The ISGlobal team isn’t seeking to change this system – but the information itself. Understanding how the same temperature kills or impacts people’s health differently enables us to make more informed decisions, says Ballester.
“I’m always thinking about my father, who is 95. And even if he has a son who is an epidemiologist, and I always tell [him about the age difference], he’s not aware of the risk that it implies for him.
“So I imagine that for the general population, there is a lot of lack of knowledge about these issues,” he adds. “‘Through the awareness, this tool also aims to change some of these habits.”
“We need to provide warnings adapted to the characteristics of each person,” Ballester believes. If not, “we are not doing our best to prevent deaths.”
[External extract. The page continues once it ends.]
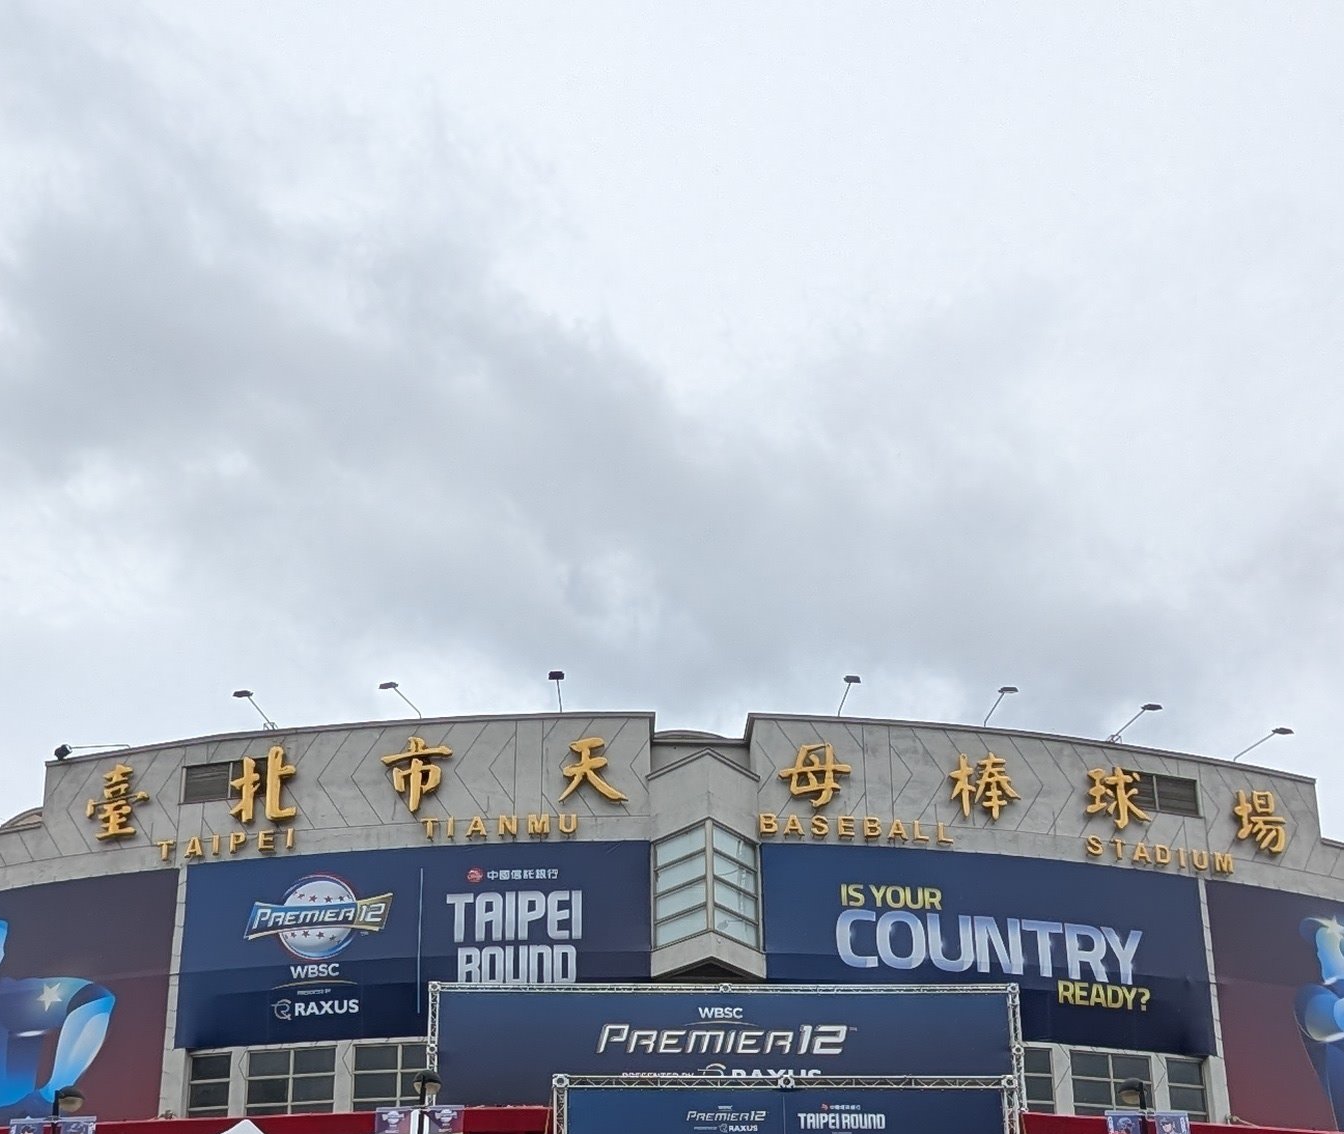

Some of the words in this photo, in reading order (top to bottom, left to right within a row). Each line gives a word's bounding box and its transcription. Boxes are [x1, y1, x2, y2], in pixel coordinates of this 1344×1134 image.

The scientists want to build a multi-hazard platform
Eventually, the plan is to develop Forecaster.health into a multi-hazard platform for Europe and the rest of the world.
Over the next few months and years, the researchers will be expanding it in different directions, firstly by adding new countries and smaller regions to the platform once new data is acquired.
The tool is also expected to build new epidemiological models to incorporate health warnings for several air pollutants, such as particulate matter, ozone or nitrogen dioxide.
Finally, the platform will also issue warnings for specific causes of death – such as cardiovascular and respiratory diseases – and for other health outcomes, such as hospital admissions and occupational accidents.
“Our approach crucially depends on the availability of health data to fit our epidemiological models. We are eager to add additional health outcomes for more countries or smaller regions, either from Europe or in other continents, if data is provided to us,” adds Ballester.